第2話 帰ったら親父が結婚をしてて義妹ができてた

 女の子はじっとこちらを見ている。


 家に入るには女の子の側を通らなければならない。しかし知らない大人が近づいたらきっと怖がらせてしまう。


 そう思った俺は出直すことを考えた。

 そのとき……。


「そこにいるのはもしかして……マオルドか?」


 農作業姿の親父が家から出て来る。

 変わらず人の良さそうな顔や、いつも通りの格好を見て少し安堵した。


「やっぱりマオルドじゃないかっ! 帰ってきたのかっ!」

「親父……」


 こちらへ駆けてきた親父が俺を抱き締める。


「よく無事に帰ってきた。ティアちゃんはどうした? 一緒じゃないのか?」

「……」


 足手まといを理由にパーティを追い出され、目的も達せずにのこのこと村に帰ってきた。……などとは恥ずかしくて言えず、俺は顔を背けて黙っていた。

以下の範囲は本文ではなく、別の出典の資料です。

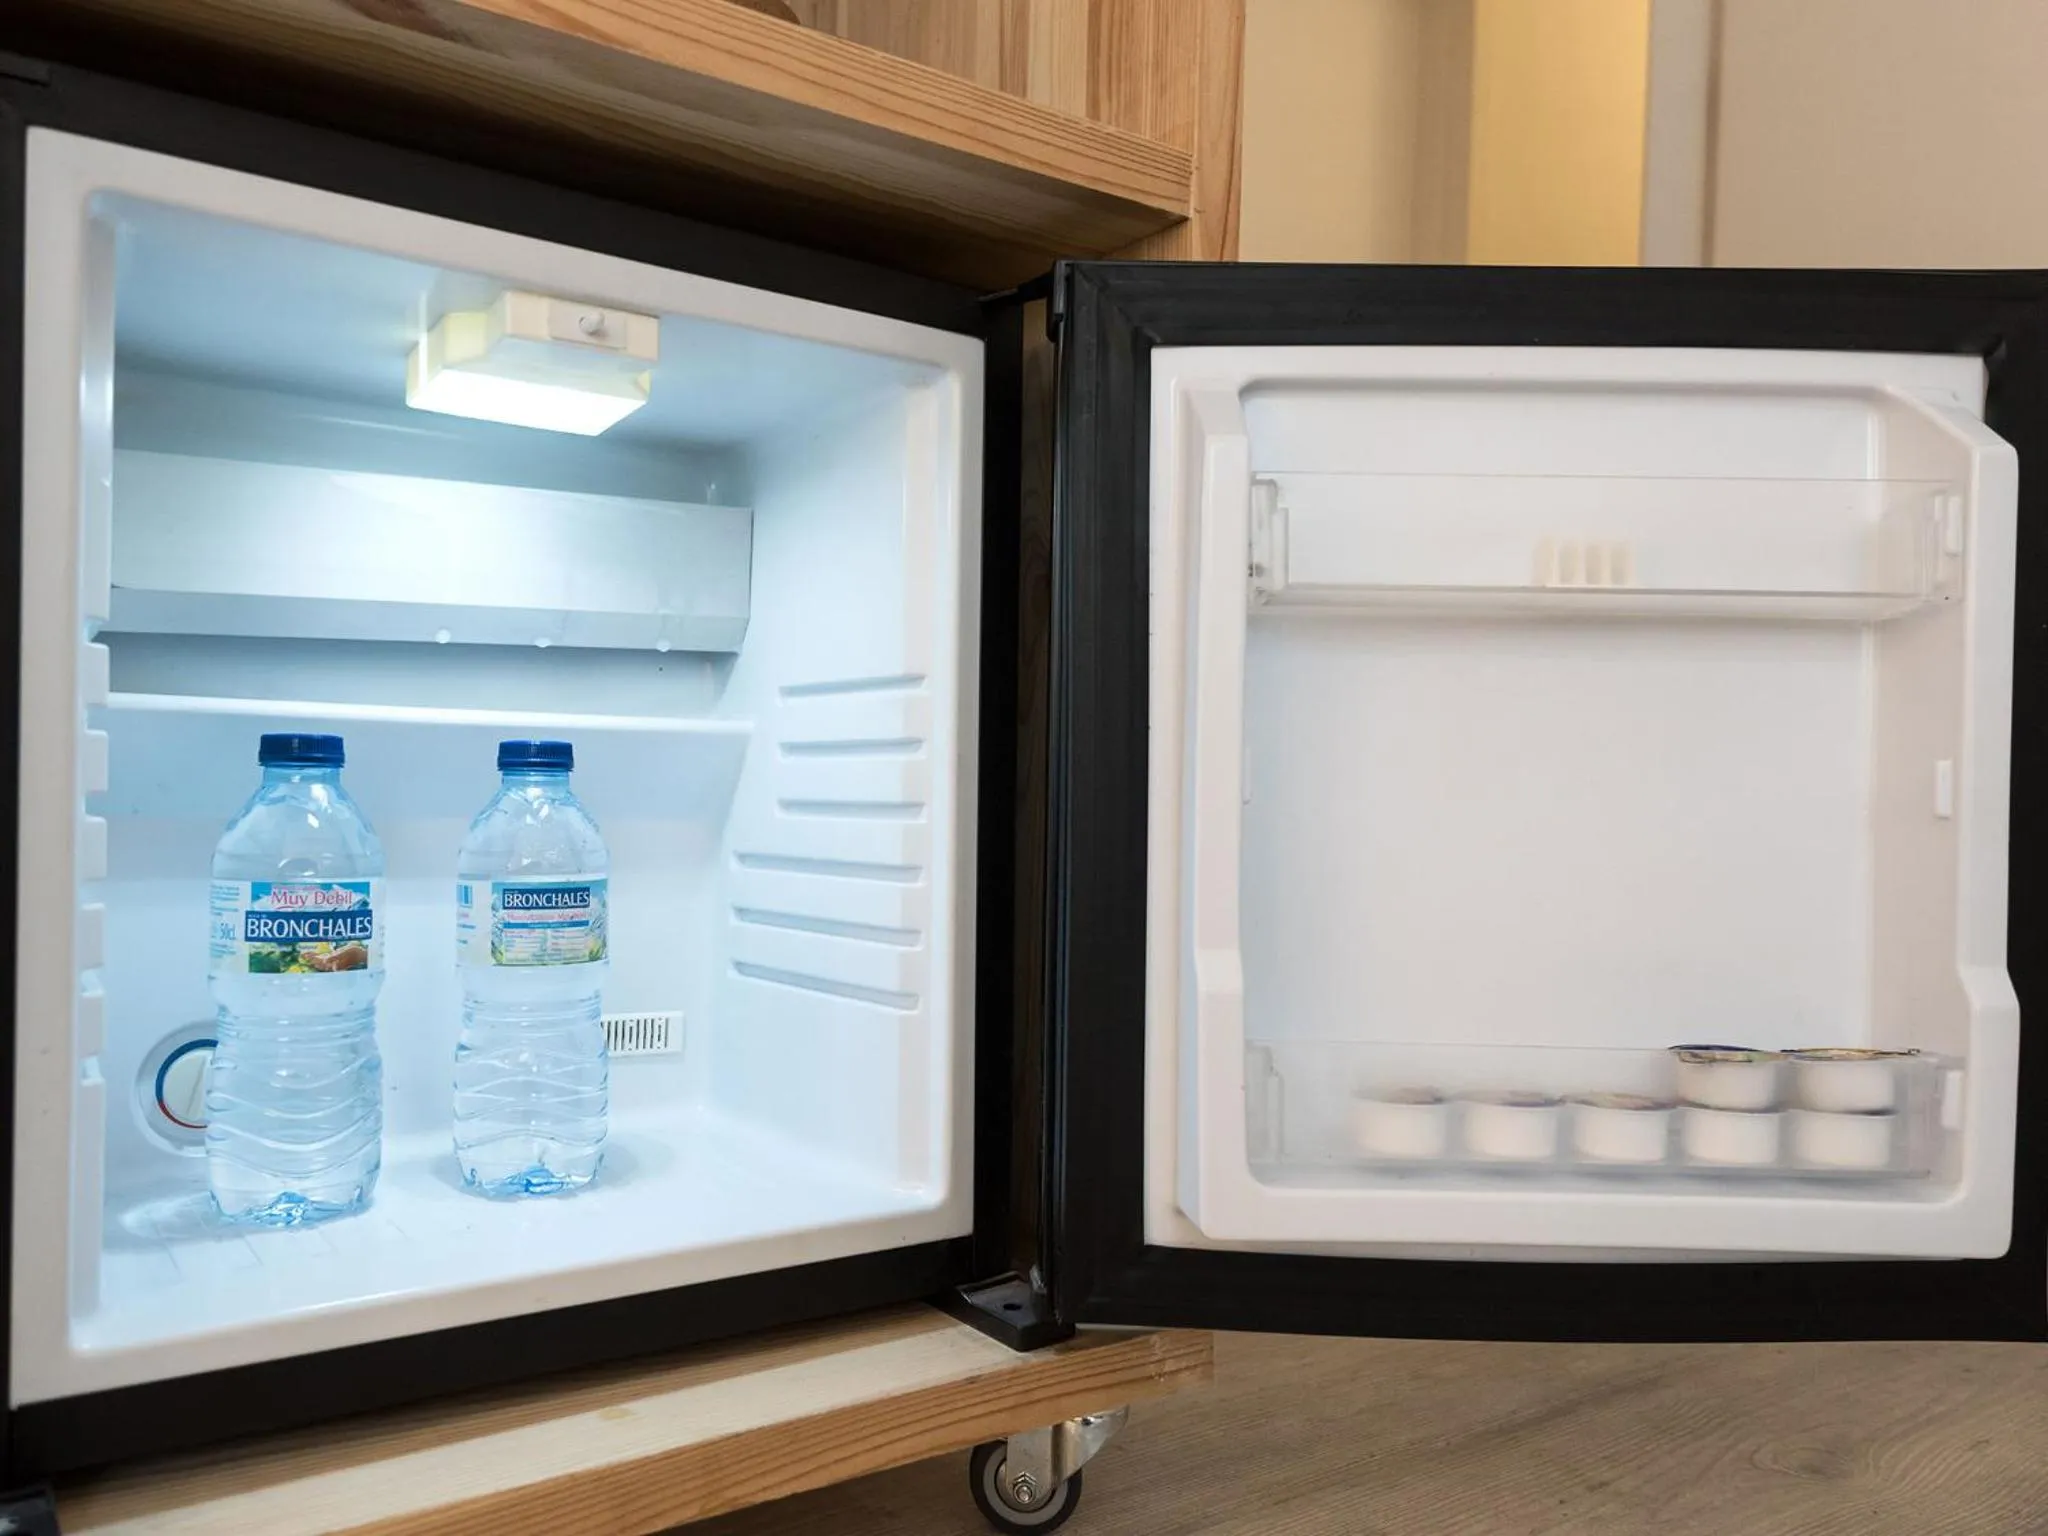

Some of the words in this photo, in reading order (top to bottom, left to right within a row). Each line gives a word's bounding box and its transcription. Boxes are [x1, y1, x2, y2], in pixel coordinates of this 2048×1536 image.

[271, 890, 309, 907] Muy
[504, 891, 590, 908] BRONCHALES
[247, 916, 372, 938] BRONCHALES

「なにか事情があるんだな。まあ家に入って休め。疲れたろう」

「うん。あ、親父。そこにいる子って、どこの子だ?」


 今だこちらをじっと眺めている女の子に視線を向ける。


「ああ、その子か? 僕の子だよ」

「は?」


 冗談か。


 家に入るまではそう思っていた。


 ……


「――け、結婚したぁっ!?」

「うん」


 家の中には女性がいた。長い金髪の綺麗な人だ。歳は20代後半くらいか。親父と同じく人の良さそうな顔をしており、どこかのんびりした印象を受ける女性だ。


「ファニーです。よろしく。マオルドさん」

「よ、よろしく」


 机を挟んで対面に座っている女性とあいさつをし、互いに頭を下げる。


 やさしそうな人だ。それはまあいいとして、


「一体、いつ結婚したんだよ?」

「君が旅立ってしばらくしてからかな。親子で旅をしていたファニーさんと娘さんを一晩泊めてあげたら、彼女と意気投合しちゃってね。次の日に結婚したのだ」

「はやーいっ!」


 どこの誰とも知らない子連れの女と一晩過ごしただけで結婚をするなんて、スピード婚にもほどがある。


「結婚ってもっとよく考えてするもんじゃないのっ?」

「ファニーさんとは運命を感じたんだよ。もう一目見た瞬間にときめいたね。お父さんのハートを恋の天使が貫いたよ」

「38のおっさんがときめきとか恋の天使とかやめてくれよ……」


 聞いている息子は恥ずかしい。


「ヘイカーさんと初めて会った瞬間『あ、私この人と結婚するなぁ』って思ったんですよ。お話してみてこんなに相性が良い人は初めてで、もーすぐに好きになっちゃいました。えへへ」

「は、はあ……」


 目の前でいちゃつく親父と素性の知れない女性を見て辟易する。


 俺に母親はいない。もっと言えば、親父は今ままでずっと未婚だ。と言うのも、俺の母親は親父が若いころ王都で傭兵をやっていたときに恋人だった女で、産まれた俺を親父へ預けてどこかへ消えたらしい。

 子供を育てながら傭兵はできないと、親父は田舎へ帰って実家の農家を継いで現在に至るというわけだ。


 男手ひとつで俺を育ててくれた立派な親父だ。結婚をして幸せになるならば祝福をしてやりたい。


 だがあまりに急過ぎて今はただただ驚くことしかできないでいた。


「母上?」


 さっきの女の子が家へ入ってくる。

 女の子は俺の隣へ来ると、じっとこちらを見上げていた。


「ほらナナちゃん、前にお話ししたマオルドさんよ。ごあいさつなさい」

「うむ」


 ナナと呼ばれた女の子は両手でドレスのスカートを摘まみ上げ、小さな身体を曲げてお辞儀をする。


「ナウルナーラじゃ。皆はナナと呼ぶ。よろしくの」

「う、うん。俺はマオルド。よろしくね」


 王侯貴族のようなあいさつをされて少し緊張する。


 小さいのにしっかりしている。

 名前もなんか立派だし、ずいぶんと生まれと育ちの良い子みたいだ。